MAM
Unibic makes a dent in the cookie segment
MUMBAI: Premium cookies, which were once seen as a product only for elite consumers, have now become accessible to everyone. As a result, the biscuits and cookies industry in India has been expanding at a compound annual growth rate (CAGR) of 10 per cent in the last three years and is currently valued at Rs 145 billion.
India is currently the world’s largest biscuit-consuming nation and the industry is expected to grow at a CAGR of 14 per cent by the end of 2019. The biscuit segment is projected to be worth approximately Rs 279 billion.
In 2015, the cookie category accounted for the largest share in the country’s biscuits market and was closely followed by plain biscuits and sandwich biscuits. The western region and metro cities are the largest markets for biscuits in India as consumers with higher disposable income don’t mind spending more on consumables such as biscuits.

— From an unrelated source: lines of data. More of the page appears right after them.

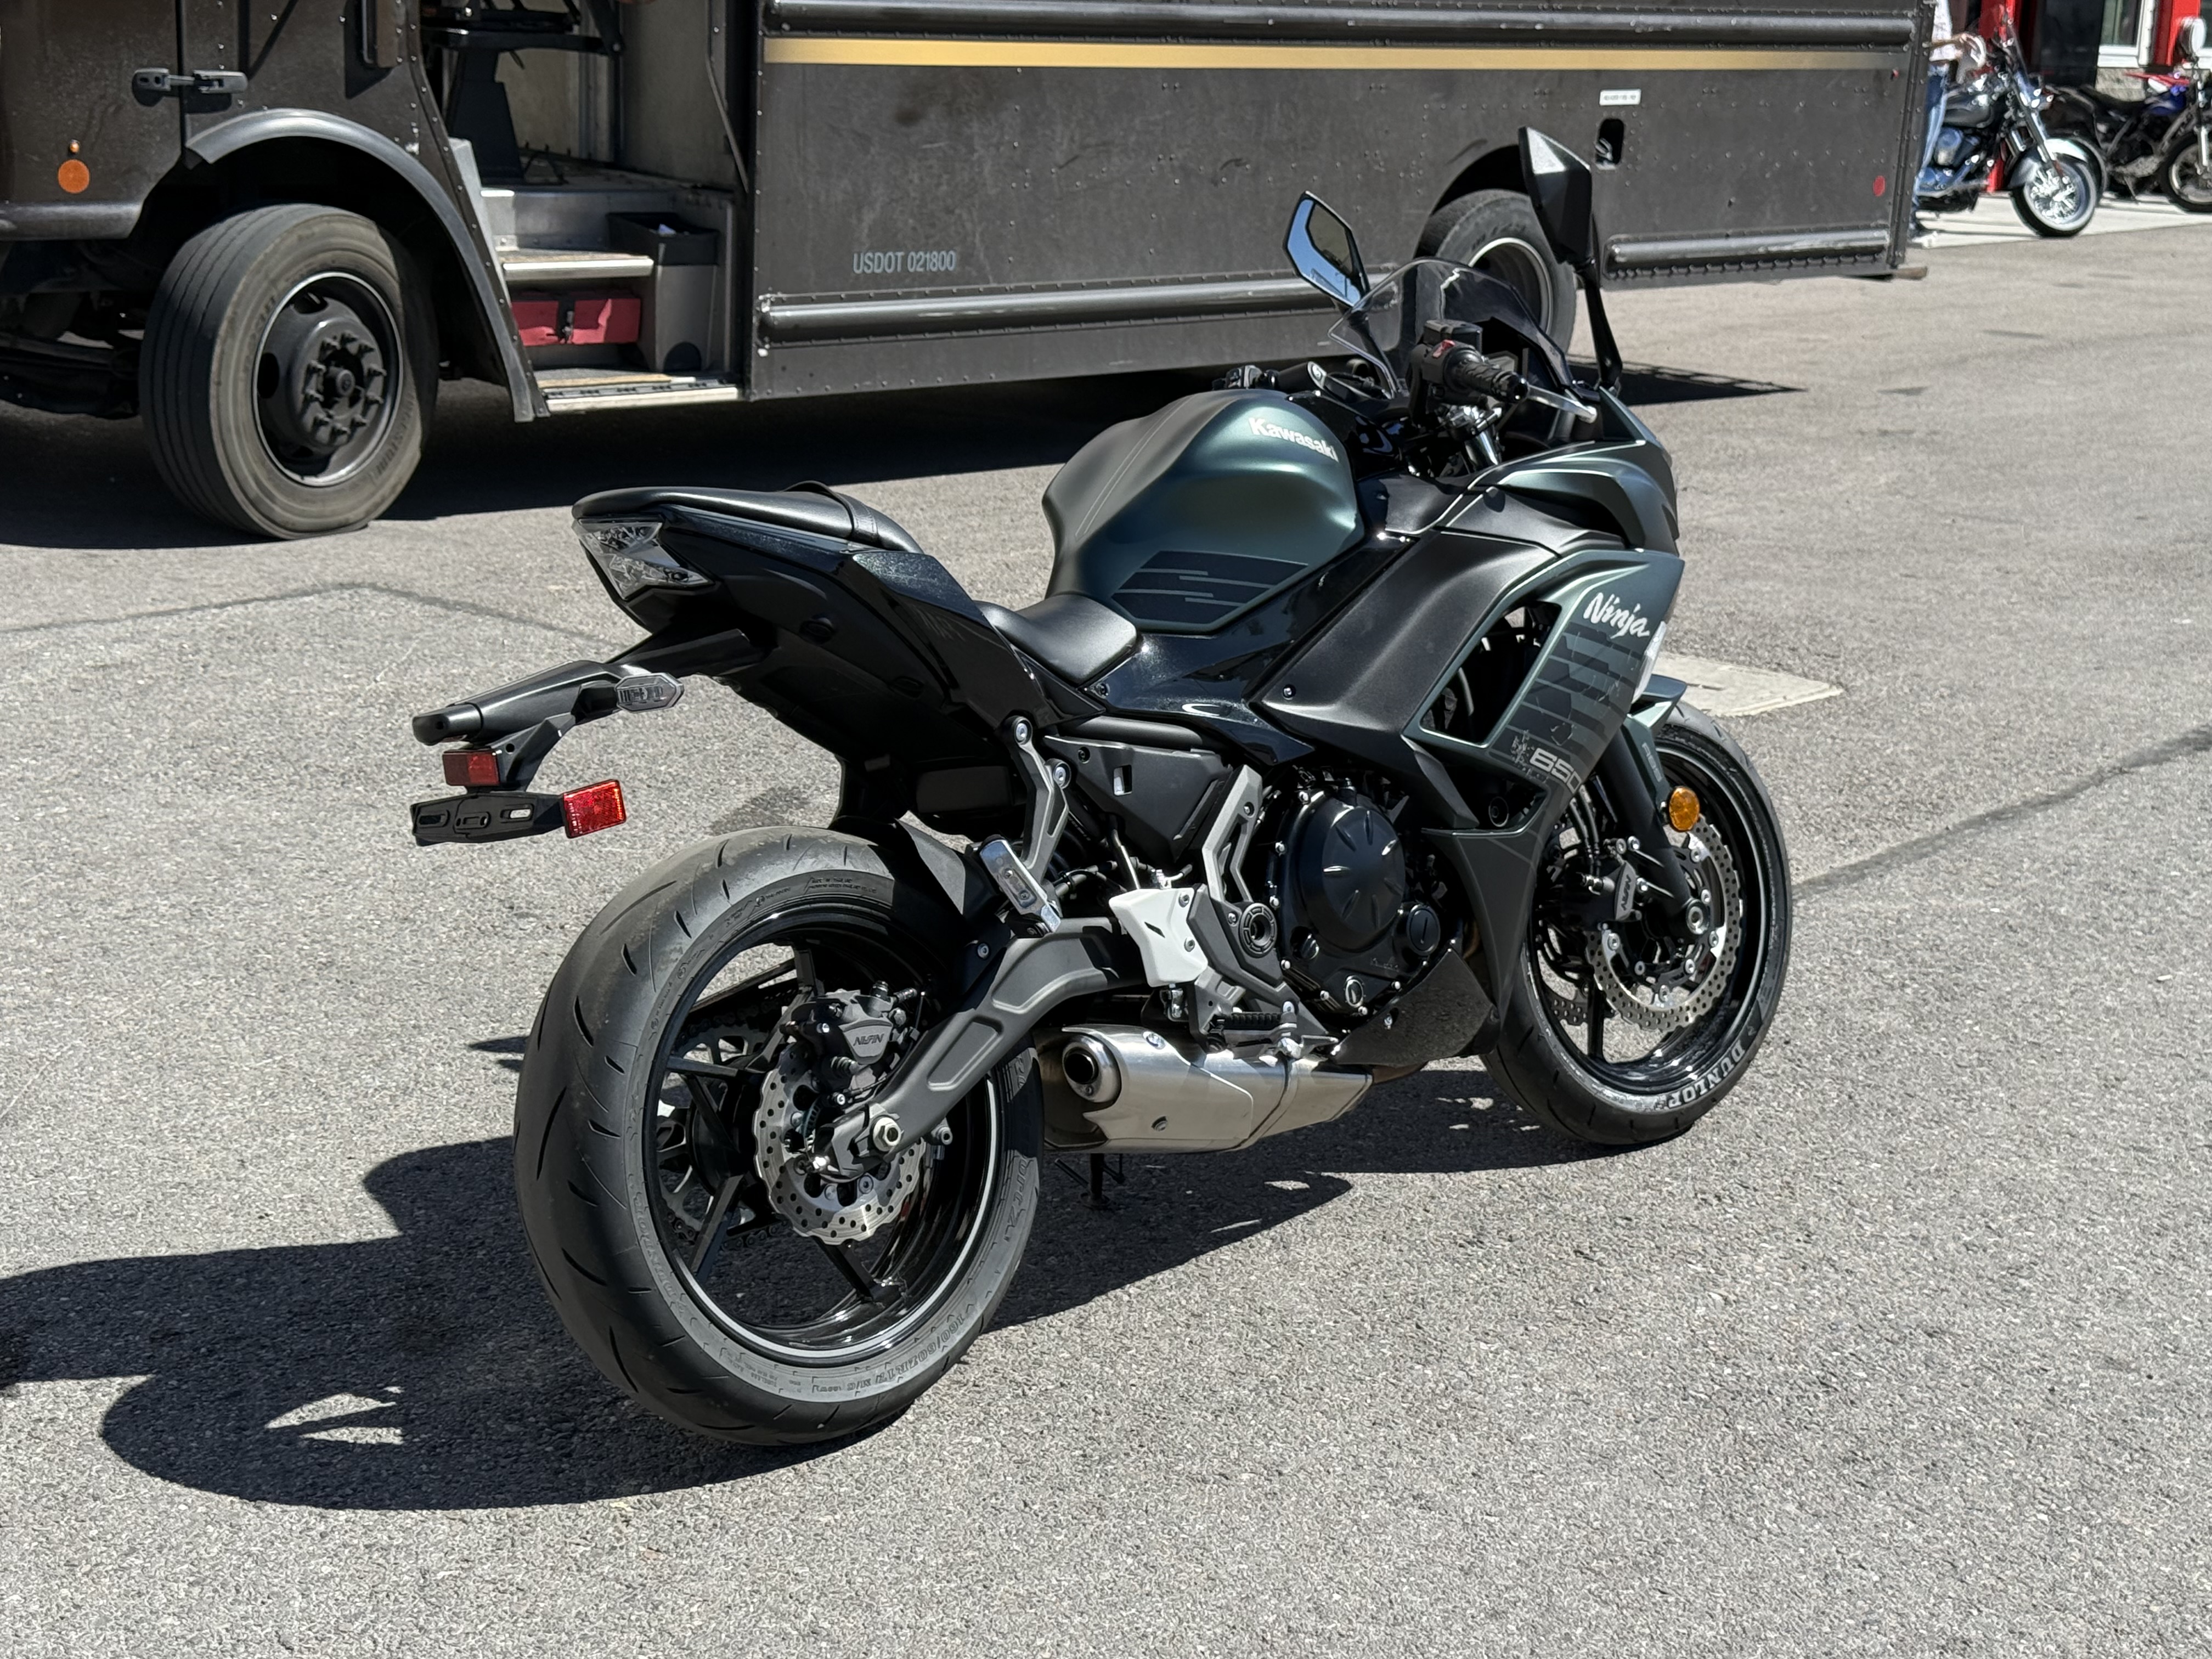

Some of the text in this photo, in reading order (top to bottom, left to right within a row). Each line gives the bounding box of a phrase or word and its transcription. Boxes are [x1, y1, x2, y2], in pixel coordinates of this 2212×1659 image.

[853, 250, 956, 274] USDOT 021800
[1249, 417, 1339, 463] Kawasaki
[1583, 592, 1650, 639] Ninja
[1530, 748, 1582, 794] 650
[1668, 1040, 1746, 1108] DUNLOP

In 2015 and 2016, the cookie segment, which includes brands such as Unibic, Bournvita Biscuits, Britannia Good Day and Parle Platina, witnessed a rising number of urban consumers and working population that helped in boosting the sale for the segment.
According to a research conducted by 6Wresearch, the India biscuit market stood at $3.9 billion in 2016, and is projected to grow to $8.2 billion by 2023. In terms of centre-filled biscuits, the segment is majorly dominated by the urban population. Further, non-premium biscuits accounted for majority of the revenue share in 2016. Nevertheless, premium biscuits are gaining huge acceptance in tier-I and II cities.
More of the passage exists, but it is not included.